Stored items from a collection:
#####
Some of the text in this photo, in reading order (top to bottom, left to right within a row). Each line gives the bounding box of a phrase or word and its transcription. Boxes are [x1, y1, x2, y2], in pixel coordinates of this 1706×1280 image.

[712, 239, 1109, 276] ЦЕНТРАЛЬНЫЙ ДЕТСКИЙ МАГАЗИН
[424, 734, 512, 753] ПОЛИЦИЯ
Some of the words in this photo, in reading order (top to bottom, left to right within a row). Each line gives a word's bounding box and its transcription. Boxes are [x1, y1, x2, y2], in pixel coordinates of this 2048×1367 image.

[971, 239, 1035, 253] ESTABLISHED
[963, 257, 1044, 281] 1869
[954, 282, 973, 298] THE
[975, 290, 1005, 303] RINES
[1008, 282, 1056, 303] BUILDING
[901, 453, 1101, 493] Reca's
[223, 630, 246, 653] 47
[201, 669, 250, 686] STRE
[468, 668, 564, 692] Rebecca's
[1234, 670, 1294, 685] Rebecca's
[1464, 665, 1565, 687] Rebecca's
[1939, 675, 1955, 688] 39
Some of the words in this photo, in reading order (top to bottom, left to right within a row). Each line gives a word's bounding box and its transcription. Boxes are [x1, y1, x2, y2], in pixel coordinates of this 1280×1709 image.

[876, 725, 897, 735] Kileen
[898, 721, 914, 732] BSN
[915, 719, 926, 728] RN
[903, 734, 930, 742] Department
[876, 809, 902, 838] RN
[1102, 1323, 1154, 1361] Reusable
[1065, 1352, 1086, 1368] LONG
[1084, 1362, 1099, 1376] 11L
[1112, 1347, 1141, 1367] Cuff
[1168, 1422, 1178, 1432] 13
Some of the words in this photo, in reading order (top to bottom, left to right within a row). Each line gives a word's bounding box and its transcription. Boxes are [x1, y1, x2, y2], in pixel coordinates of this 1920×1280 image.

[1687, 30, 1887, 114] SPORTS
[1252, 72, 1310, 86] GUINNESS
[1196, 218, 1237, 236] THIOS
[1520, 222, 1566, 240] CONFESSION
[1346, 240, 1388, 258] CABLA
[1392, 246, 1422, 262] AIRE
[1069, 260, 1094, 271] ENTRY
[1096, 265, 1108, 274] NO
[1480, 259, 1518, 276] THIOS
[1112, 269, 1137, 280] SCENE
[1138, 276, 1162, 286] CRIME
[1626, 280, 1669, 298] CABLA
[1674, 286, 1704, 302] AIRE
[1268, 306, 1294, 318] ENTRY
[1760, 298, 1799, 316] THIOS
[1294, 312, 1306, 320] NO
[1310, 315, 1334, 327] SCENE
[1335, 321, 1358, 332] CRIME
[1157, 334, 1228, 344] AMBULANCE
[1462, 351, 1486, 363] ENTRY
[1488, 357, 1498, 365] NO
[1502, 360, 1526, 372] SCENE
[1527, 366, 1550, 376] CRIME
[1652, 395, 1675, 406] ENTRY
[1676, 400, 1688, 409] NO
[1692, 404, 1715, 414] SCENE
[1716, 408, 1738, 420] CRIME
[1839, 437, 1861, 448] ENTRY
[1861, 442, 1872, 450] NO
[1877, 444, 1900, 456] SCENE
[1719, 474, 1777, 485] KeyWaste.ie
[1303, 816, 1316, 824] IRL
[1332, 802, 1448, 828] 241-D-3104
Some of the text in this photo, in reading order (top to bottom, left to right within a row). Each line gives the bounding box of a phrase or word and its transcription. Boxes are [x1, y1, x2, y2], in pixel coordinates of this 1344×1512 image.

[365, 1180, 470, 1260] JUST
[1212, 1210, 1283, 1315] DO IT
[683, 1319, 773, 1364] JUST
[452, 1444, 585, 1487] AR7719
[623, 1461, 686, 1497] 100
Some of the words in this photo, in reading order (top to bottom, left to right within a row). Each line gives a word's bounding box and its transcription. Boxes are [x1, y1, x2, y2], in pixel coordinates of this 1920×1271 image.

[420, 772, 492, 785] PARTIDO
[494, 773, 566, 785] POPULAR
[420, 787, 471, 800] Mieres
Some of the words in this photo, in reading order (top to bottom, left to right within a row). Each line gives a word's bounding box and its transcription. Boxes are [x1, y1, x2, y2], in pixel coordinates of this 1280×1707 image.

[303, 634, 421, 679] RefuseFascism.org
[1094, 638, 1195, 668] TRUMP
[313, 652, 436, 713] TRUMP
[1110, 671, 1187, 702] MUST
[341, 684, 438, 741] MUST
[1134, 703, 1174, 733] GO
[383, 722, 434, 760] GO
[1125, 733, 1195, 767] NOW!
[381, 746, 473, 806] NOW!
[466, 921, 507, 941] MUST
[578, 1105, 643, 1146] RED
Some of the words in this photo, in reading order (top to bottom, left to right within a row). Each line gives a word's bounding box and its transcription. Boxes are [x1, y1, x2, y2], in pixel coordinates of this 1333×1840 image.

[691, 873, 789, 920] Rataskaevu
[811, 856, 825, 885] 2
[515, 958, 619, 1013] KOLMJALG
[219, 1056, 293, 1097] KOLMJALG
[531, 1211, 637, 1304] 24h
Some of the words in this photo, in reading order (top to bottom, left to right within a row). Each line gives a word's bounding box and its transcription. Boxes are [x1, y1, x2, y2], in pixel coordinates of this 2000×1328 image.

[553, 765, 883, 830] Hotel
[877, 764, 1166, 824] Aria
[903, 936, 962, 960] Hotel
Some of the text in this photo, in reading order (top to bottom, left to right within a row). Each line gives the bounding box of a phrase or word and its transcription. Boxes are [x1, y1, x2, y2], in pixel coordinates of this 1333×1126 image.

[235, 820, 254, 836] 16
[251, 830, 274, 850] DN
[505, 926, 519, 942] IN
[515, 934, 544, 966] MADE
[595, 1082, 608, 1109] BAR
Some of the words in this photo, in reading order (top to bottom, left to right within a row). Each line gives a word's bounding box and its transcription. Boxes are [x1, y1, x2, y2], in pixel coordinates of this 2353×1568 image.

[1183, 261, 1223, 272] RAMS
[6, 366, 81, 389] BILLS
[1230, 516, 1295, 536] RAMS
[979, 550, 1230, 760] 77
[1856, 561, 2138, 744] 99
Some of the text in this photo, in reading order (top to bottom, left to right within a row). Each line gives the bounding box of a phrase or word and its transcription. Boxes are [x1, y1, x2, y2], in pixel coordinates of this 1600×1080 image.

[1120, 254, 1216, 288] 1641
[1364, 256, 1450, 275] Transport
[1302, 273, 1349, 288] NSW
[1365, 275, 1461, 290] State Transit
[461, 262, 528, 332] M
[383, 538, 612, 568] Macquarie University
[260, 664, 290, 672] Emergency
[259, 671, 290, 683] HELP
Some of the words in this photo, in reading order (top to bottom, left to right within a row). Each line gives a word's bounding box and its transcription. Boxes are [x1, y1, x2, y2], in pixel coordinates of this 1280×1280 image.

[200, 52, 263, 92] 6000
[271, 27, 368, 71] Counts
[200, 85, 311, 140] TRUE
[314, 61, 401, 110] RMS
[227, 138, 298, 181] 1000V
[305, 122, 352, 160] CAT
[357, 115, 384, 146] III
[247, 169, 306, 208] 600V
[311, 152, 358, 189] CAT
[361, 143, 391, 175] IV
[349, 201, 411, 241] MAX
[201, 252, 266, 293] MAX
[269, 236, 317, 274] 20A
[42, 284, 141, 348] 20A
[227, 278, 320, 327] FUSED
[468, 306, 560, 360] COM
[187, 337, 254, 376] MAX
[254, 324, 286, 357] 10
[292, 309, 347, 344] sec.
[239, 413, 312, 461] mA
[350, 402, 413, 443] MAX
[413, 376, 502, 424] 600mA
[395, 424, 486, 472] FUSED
#####
- _EXERCISE BRIEF_: Give back each entry so that it matches the original word for word.

- _TASK RESPONSE_:
Some of the text in this photo, in reading order (top to bottom, left to right within a row). Each line gives the bounding box of a phrase or word and its transcription. Boxes are [x1, y1, x2, y2], in pixel coordinates of this 1706×1280 image.

[712, 239, 1109, 276] ЦЕНТРАЛЬНЫЙ ДЕТСКИЙ МАГАЗИН
[424, 734, 512, 753] ПОЛИЦИЯ
Some of the words in this photo, in reading order (top to bottom, left to right within a row). Each line gives a word's bounding box and its transcription. Boxes are [x1, y1, x2, y2], in pixel coordinates of this 2048×1367 image.

[971, 239, 1035, 253] ESTABLISHED
[963, 257, 1044, 281] 1869
[954, 282, 973, 298] THE
[975, 290, 1005, 303] RINES
[1008, 282, 1056, 303] BUILDING
[901, 453, 1101, 493] Reca's
[223, 630, 246, 653] 47
[201, 669, 250, 686] STRE
[468, 668, 564, 692] Rebecca's
[1234, 670, 1294, 685] Rebecca's
[1464, 665, 1565, 687] Rebecca's
[1939, 675, 1955, 688] 39
Some of the words in this photo, in reading order (top to bottom, left to right within a row). Each line gives a word's bounding box and its transcription. Boxes are [x1, y1, x2, y2], in pixel coordinates of this 1280×1709 image.

[876, 725, 897, 735] Kileen
[898, 721, 914, 732] BSN
[915, 719, 926, 728] RN
[903, 734, 930, 742] Department
[876, 809, 902, 838] RN
[1102, 1323, 1154, 1361] Reusable
[1065, 1352, 1086, 1368] LONG
[1084, 1362, 1099, 1376] 11L
[1112, 1347, 1141, 1367] Cuff
[1168, 1422, 1178, 1432] 13
Some of the words in this photo, in reading order (top to bottom, left to right within a row). Each line gives a word's bounding box and its transcription. Boxes are [x1, y1, x2, y2], in pixel coordinates of this 1920×1280 image.

[1687, 30, 1887, 114] SPORTS
[1252, 72, 1310, 86] GUINNESS
[1196, 218, 1237, 236] THIOS
[1520, 222, 1566, 240] CONFESSION
[1346, 240, 1388, 258] CABLA
[1392, 246, 1422, 262] AIRE
[1069, 260, 1094, 271] ENTRY
[1096, 265, 1108, 274] NO
[1480, 259, 1518, 276] THIOS
[1112, 269, 1137, 280] SCENE
[1138, 276, 1162, 286] CRIME
[1626, 280, 1669, 298] CABLA
[1674, 286, 1704, 302] AIRE
[1268, 306, 1294, 318] ENTRY
[1760, 298, 1799, 316] THIOS
[1294, 312, 1306, 320] NO
[1310, 315, 1334, 327] SCENE
[1335, 321, 1358, 332] CRIME
[1157, 334, 1228, 344] AMBULANCE
[1462, 351, 1486, 363] ENTRY
[1488, 357, 1498, 365] NO
[1502, 360, 1526, 372] SCENE
[1527, 366, 1550, 376] CRIME
[1652, 395, 1675, 406] ENTRY
[1676, 400, 1688, 409] NO
[1692, 404, 1715, 414] SCENE
[1716, 408, 1738, 420] CRIME
[1839, 437, 1861, 448] ENTRY
[1861, 442, 1872, 450] NO
[1877, 444, 1900, 456] SCENE
[1719, 474, 1777, 485] KeyWaste.ie
[1303, 816, 1316, 824] IRL
[1332, 802, 1448, 828] 241-D-3104
Some of the text in this photo, in reading order (top to bottom, left to right within a row). Each line gives the bounding box of a phrase or word and its transcription. Boxes are [x1, y1, x2, y2], in pixel coordinates of this 1344×1512 image.

[365, 1180, 470, 1260] JUST
[1212, 1210, 1283, 1315] DO IT
[683, 1319, 773, 1364] JUST
[452, 1444, 585, 1487] AR7719
[623, 1461, 686, 1497] 100
Some of the words in this photo, in reading order (top to bottom, left to right within a row). Each line gives a word's bounding box and its transcription. Boxes are [x1, y1, x2, y2], in pixel coordinates of this 1920×1271 image.

[420, 772, 492, 785] PARTIDO
[494, 773, 566, 785] POPULAR
[420, 787, 471, 800] Mieres
Some of the words in this photo, in reading order (top to bottom, left to right within a row). Each line gives a word's bounding box and its transcription. Boxes are [x1, y1, x2, y2], in pixel coordinates of this 1280×1707 image.

[303, 634, 421, 679] RefuseFascism.org
[1094, 638, 1195, 668] TRUMP
[313, 652, 436, 713] TRUMP
[1110, 671, 1187, 702] MUST
[341, 684, 438, 741] MUST
[1134, 703, 1174, 733] GO
[383, 722, 434, 760] GO
[1125, 733, 1195, 767] NOW!
[381, 746, 473, 806] NOW!
[466, 921, 507, 941] MUST
[578, 1105, 643, 1146] RED
Some of the words in this photo, in reading order (top to bottom, left to right within a row). Each line gives a word's bounding box and its transcription. Boxes are [x1, y1, x2, y2], in pixel coordinates of this 1333×1840 image.

[691, 873, 789, 920] Rataskaevu
[811, 856, 825, 885] 2
[515, 958, 619, 1013] KOLMJALG
[219, 1056, 293, 1097] KOLMJALG
[531, 1211, 637, 1304] 24h
Some of the words in this photo, in reading order (top to bottom, left to right within a row). Each line gives a word's bounding box and its transcription. Boxes are [x1, y1, x2, y2], in pixel coordinates of this 2000×1328 image.

[553, 765, 883, 830] Hotel
[877, 764, 1166, 824] Aria
[903, 936, 962, 960] Hotel
Some of the text in this photo, in reading order (top to bottom, left to right within a row). Each line gives the bounding box of a phrase or word and its transcription. Boxes are [x1, y1, x2, y2], in pixel coordinates of this 1333×1126 image.

[235, 820, 254, 836] 16
[251, 830, 274, 850] DN
[505, 926, 519, 942] IN
[515, 934, 544, 966] MADE
[595, 1082, 608, 1109] BAR
Some of the words in this photo, in reading order (top to bottom, left to right within a row). Each line gives a word's bounding box and its transcription. Boxes are [x1, y1, x2, y2], in pixel coordinates of this 2353×1568 image.

[1183, 261, 1223, 272] RAMS
[6, 366, 81, 389] BILLS
[1230, 516, 1295, 536] RAMS
[979, 550, 1230, 760] 77
[1856, 561, 2138, 744] 99
Some of the text in this photo, in reading order (top to bottom, left to right within a row). Each line gives the bounding box of a phrase or word and its transcription. Boxes are [x1, y1, x2, y2], in pixel coordinates of this 1600×1080 image.

[1120, 254, 1216, 288] 1641
[1364, 256, 1450, 275] Transport
[1302, 273, 1349, 288] NSW
[1365, 275, 1461, 290] State Transit
[461, 262, 528, 332] M
[383, 538, 612, 568] Macquarie University
[260, 664, 290, 672] Emergency
[259, 671, 290, 683] HELP
Some of the words in this photo, in reading order (top to bottom, left to right within a row). Each line gives a word's bounding box and its transcription. Boxes are [x1, y1, x2, y2], in pixel coordinates of this 1280×1280 image.

[200, 52, 263, 92] 6000
[271, 27, 368, 71] Counts
[200, 85, 311, 140] TRUE
[314, 61, 401, 110] RMS
[227, 138, 298, 181] 1000V
[305, 122, 352, 160] CAT
[357, 115, 384, 146] III
[247, 169, 306, 208] 600V
[311, 152, 358, 189] CAT
[361, 143, 391, 175] IV
[349, 201, 411, 241] MAX
[201, 252, 266, 293] MAX
[269, 236, 317, 274] 20A
[42, 284, 141, 348] 20A
[227, 278, 320, 327] FUSED
[468, 306, 560, 360] COM
[187, 337, 254, 376] MAX
[254, 324, 286, 357] 10
[292, 309, 347, 344] sec.
[239, 413, 312, 461] mA
[350, 402, 413, 443] MAX
[413, 376, 502, 424] 600mA
[395, 424, 486, 472] FUSED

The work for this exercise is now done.